The World Economic Forum (WEF) Annual Meeting begins this week in Davos, Switzerland, featuring globally recognized blockchain authority Don Tapscott as a key participant. His involvement comes at a time where blockchain technology is largely seen as the major topic of emphasis for this year’s meeting.
Tapscott will also be keynoting the 5th Annual WISeKey Cybersecurity Roundtable at Davos, presenting on the topic of blockchains and the Internet of Value. At this event, Don will become the first author to digitally authenticate and sign copies of a book: his new bestseller “Blockchain Revolution.”
“The First Revolution was steam where we mechanized things like shovels; the Second was electricity which enabled an economy of mass production; the Third was the computer which led to information technology and the internet and social media,” said Tapscott in an interview with Bitcoin Magazine, just hours before his flight to Davos.
“According to author Klaus Schwab, the foundational technology for the Fourth Industrial Revolution is the blockchain, insofar as it is a distributed ledger system now needed to manage wealth, value and prosperity creation in the world. It is for this reason that this year’s forum is shaping up to be the ‘Blockchain Davos.’”
Tapscott says that he’s counted over a dozen educational sessions centered on blockchains or blockchain-related matters on the public and private agenda as well as outside of the formal economic forum activities.
While speaking at the WISeKey event, he’ll introduce the idea of a digital signature for his book signing. “The ability to track my book like a piece of art is pretty interesting, although I don’t know the details as of yet of how it actually works,” says Tapscott. He also plans to meet with an array of technology companies, public entities, government leaders, central bankers and ministers of finance while in Davos to discuss the current state of blockchain technology as well as its future possibilities.

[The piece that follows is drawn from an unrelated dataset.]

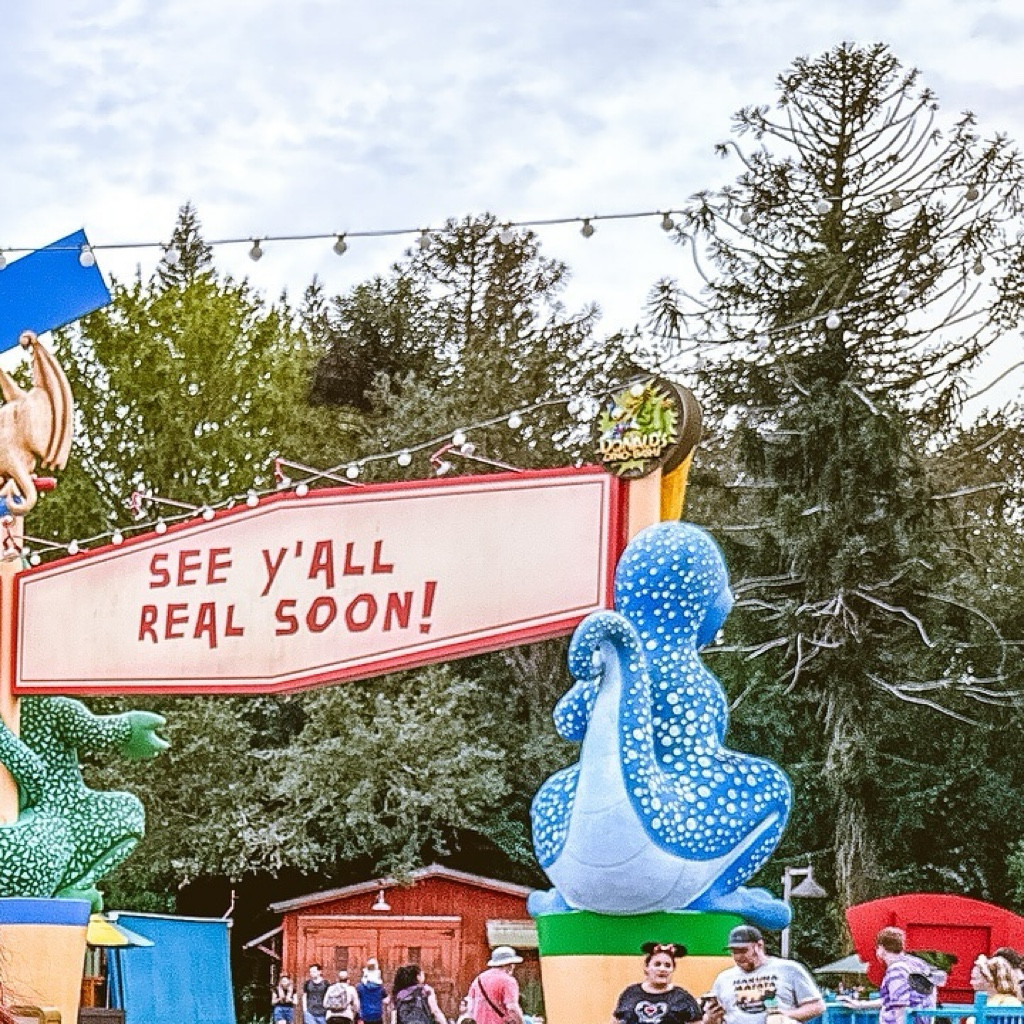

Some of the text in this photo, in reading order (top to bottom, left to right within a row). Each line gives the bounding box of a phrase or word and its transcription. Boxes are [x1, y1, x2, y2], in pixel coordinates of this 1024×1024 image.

[148, 547, 231, 588] SEE
[138, 581, 438, 648] REAL SOON!
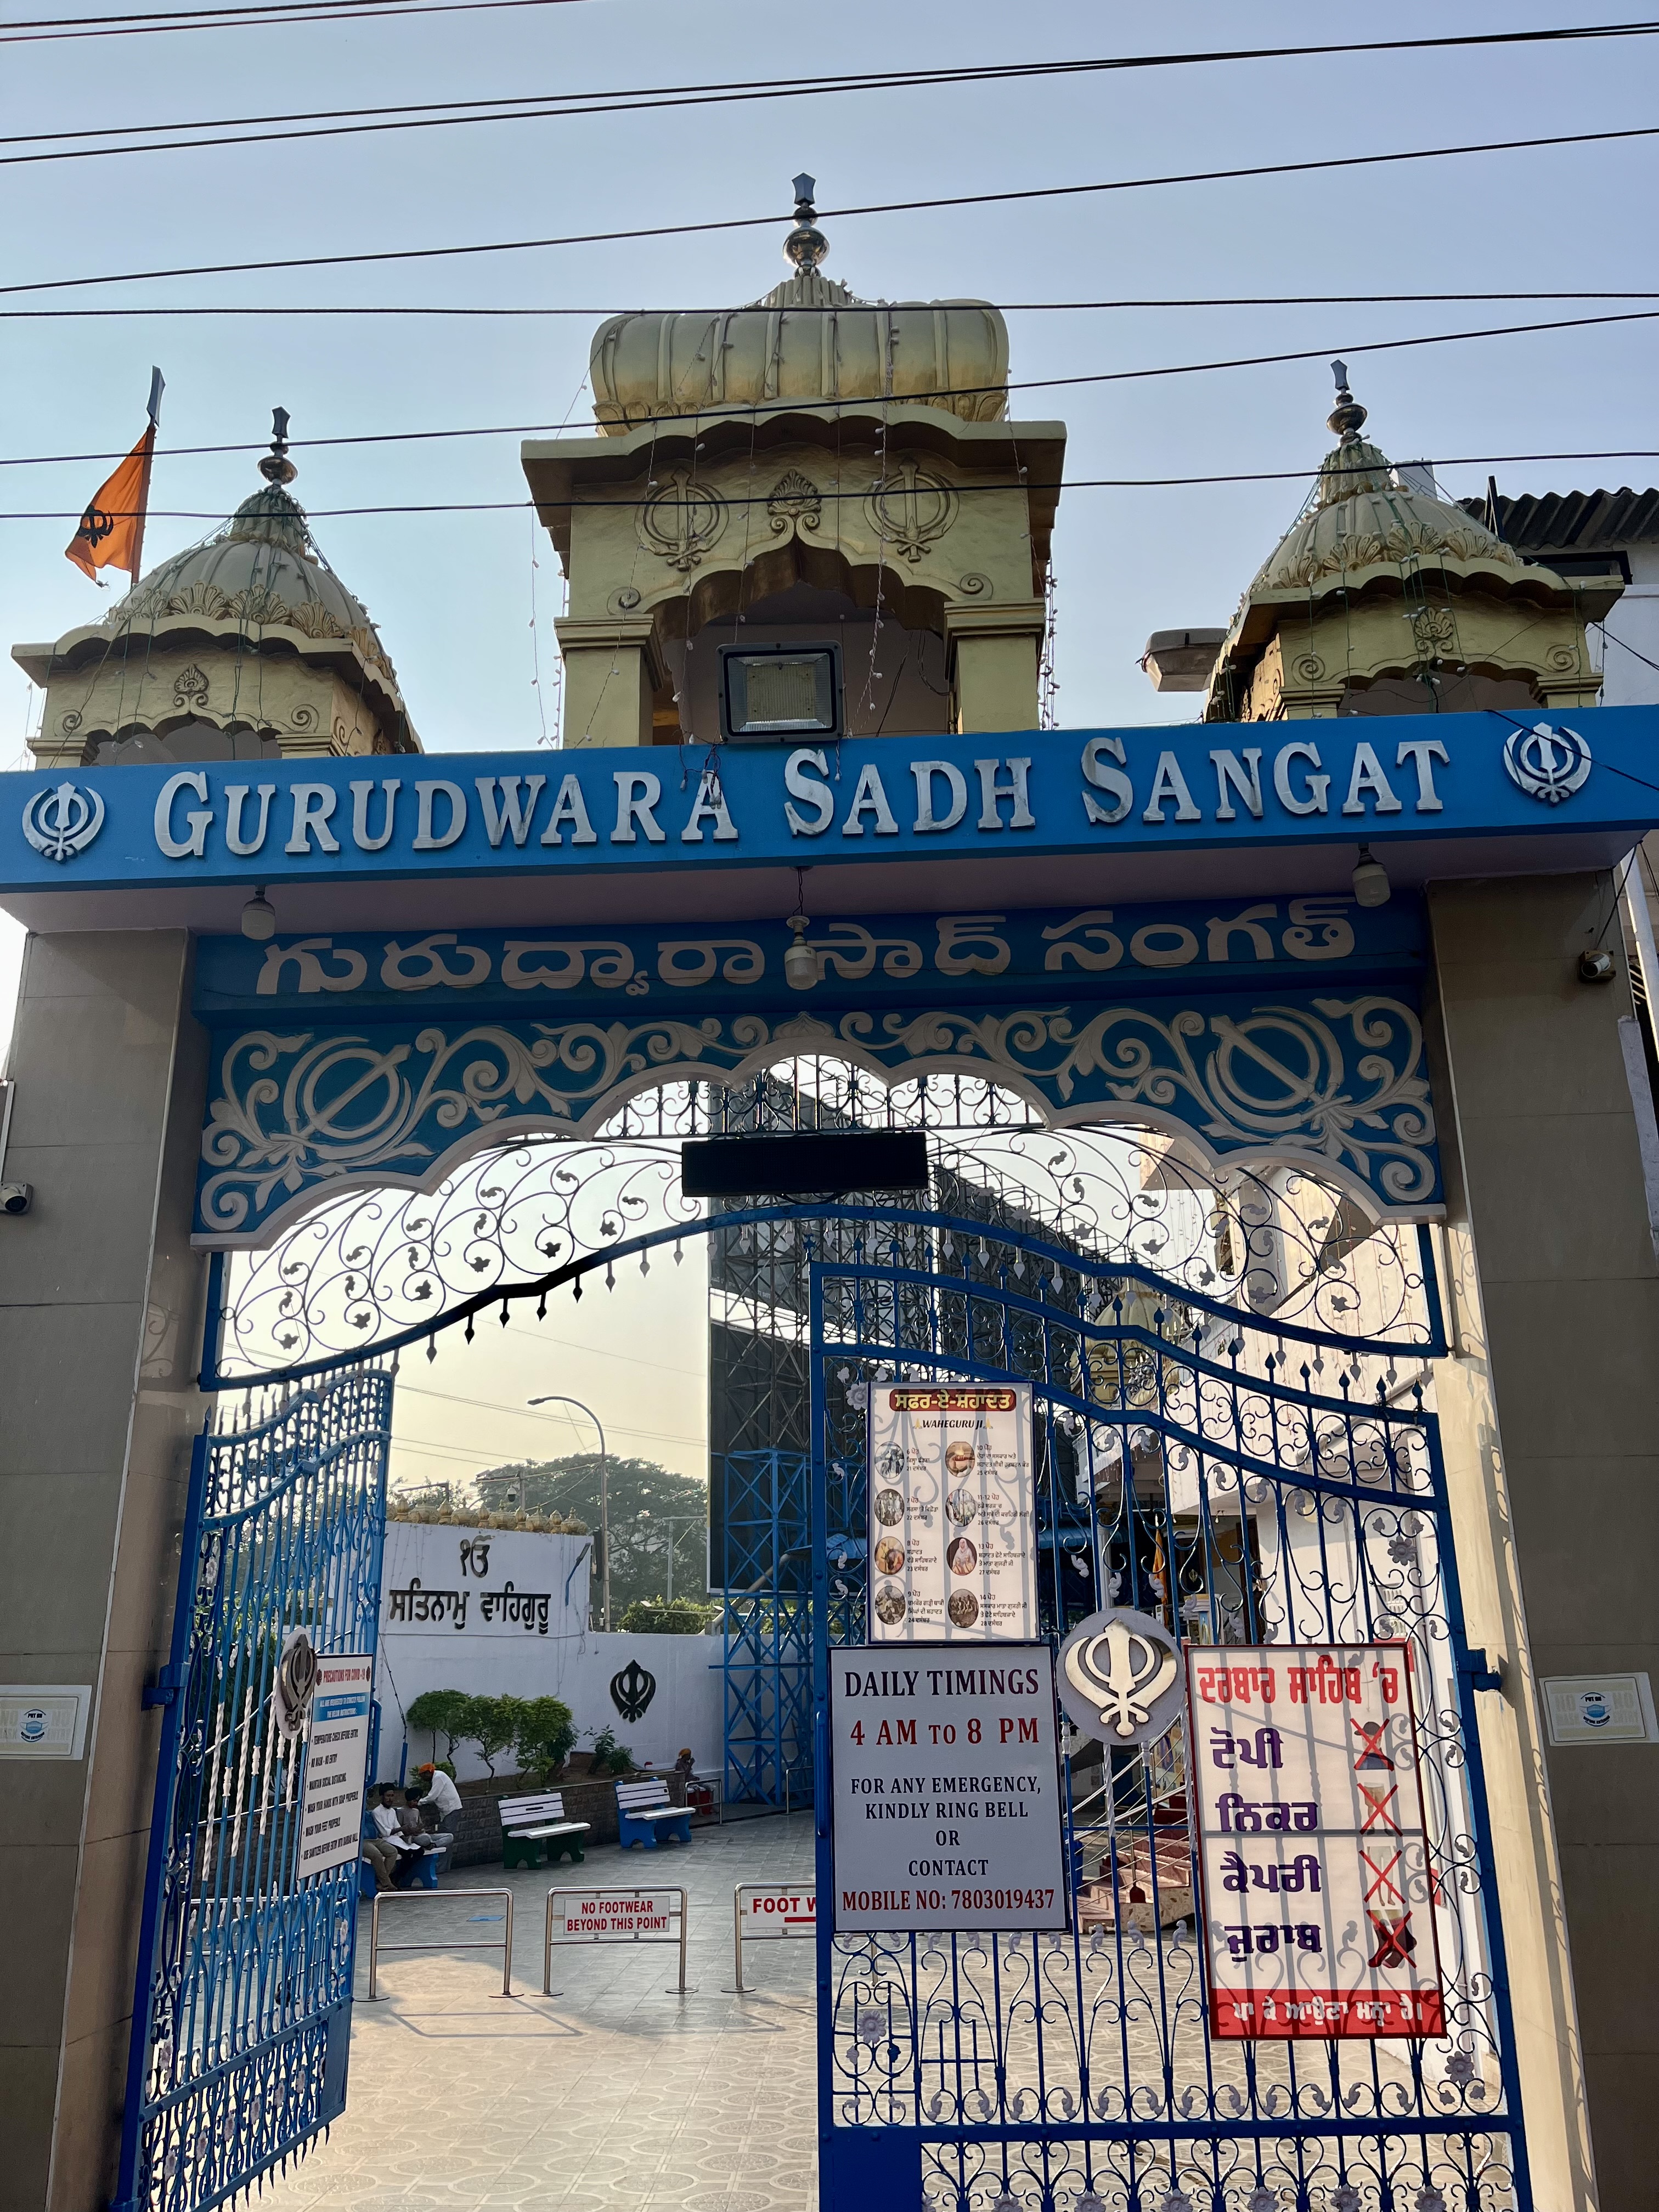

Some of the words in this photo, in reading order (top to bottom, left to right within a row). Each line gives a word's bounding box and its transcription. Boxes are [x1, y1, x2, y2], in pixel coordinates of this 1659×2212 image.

Tapscott is well aware that blockchain technology is competing for center stage with bigger issues like world leadership and Brexit. “There is, no doubt, quite a bit of concern on the global stage about not only the Trump election, but the state of the world in general. With a general decline in prosperity where the middle class is falling behind, I expect there to be a lot of talk at Davos about how the world has become more unequal, unstable, unjust and unsustainable.”
On the optimistic side, he believes that blockchain and distributed technologies will play a pivotal role moving forward in addressing a number of these concerns. “Blockchain [technology] will allow us to change the way wealth gets created by engaging more people directly in the economy, ensuring that they actually get compensated for the value they create.”
Heading into this year’s World Economic Forum, Tapscott offers a cautionary tale that he says could stall blockchain technology’s advancement in coming years. “The growing success of blockchain [technology] is creating a governance crisis in terms of its bottom up stewardship. Unlike the internet’s robust governance ecosystem with dozens of organizations and networks involved in ensuring that there are standards, advocacy, and knowledge, the blockchain Internet of Value proposition currently lacks these. I fear if we don’t get our act together quickly in this area, some very bad things could go wrong and, worst-case scenario, it could implode.”
Post-Davos, Tapscott says that he and his son Alex are in the early stages of curating a multimillion-dollar research program known as Blockchain Research Institute dedicated to furthering the depth and breadth of knowledge around the developing blockchain ecosystem. In addition to exploring use cases, applications and strategies involving a number of major industries, the program will also look at how blockchain technology will change the way companies are run as well as regulatory impacts.
“We think this is going to break some logjams because with where the current state of things are right now, there are more questions than answers. We need to work to correct that.”